## Work task
An exact transcription of all the records below is required, without any images.

(Records excerpted from a collection)
--------

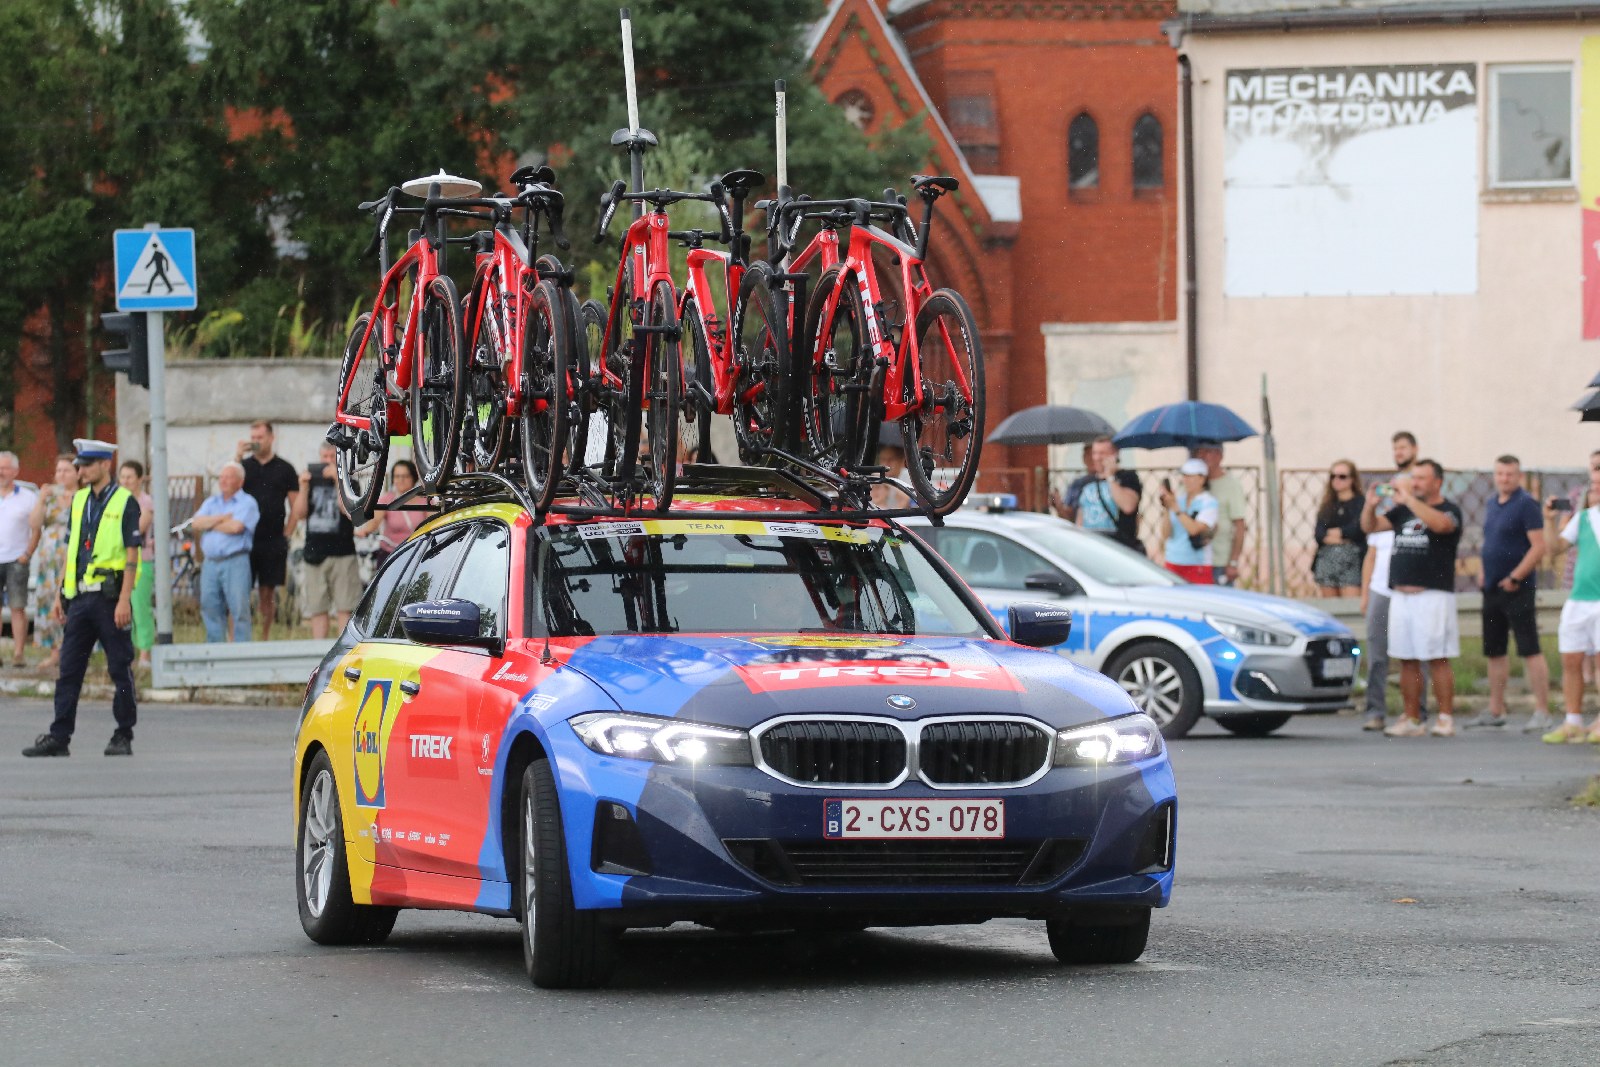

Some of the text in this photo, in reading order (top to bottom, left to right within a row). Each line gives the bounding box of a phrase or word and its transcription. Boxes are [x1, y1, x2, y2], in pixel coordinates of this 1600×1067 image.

[1227, 70, 1475, 101] MECHANIKA
[686, 522, 725, 531] TEAM
[762, 666, 989, 681] TREK
[409, 734, 453, 760] TREK
[828, 820, 839, 833] B
[845, 805, 999, 832] 2-CXS-078

--------

## Exercise response
Some of the text in this photo, in reading order (top to bottom, left to right within a row). Each line gives the bounding box of a phrase or word and its transcription. Boxes are [x1, y1, x2, y2], in pixel coordinates of this 1600×1067 image.

[1227, 70, 1475, 101] MECHANIKA
[686, 522, 725, 531] TEAM
[762, 666, 989, 681] TREK
[409, 734, 453, 760] TREK
[828, 820, 839, 833] B
[845, 805, 999, 832] 2-CXS-078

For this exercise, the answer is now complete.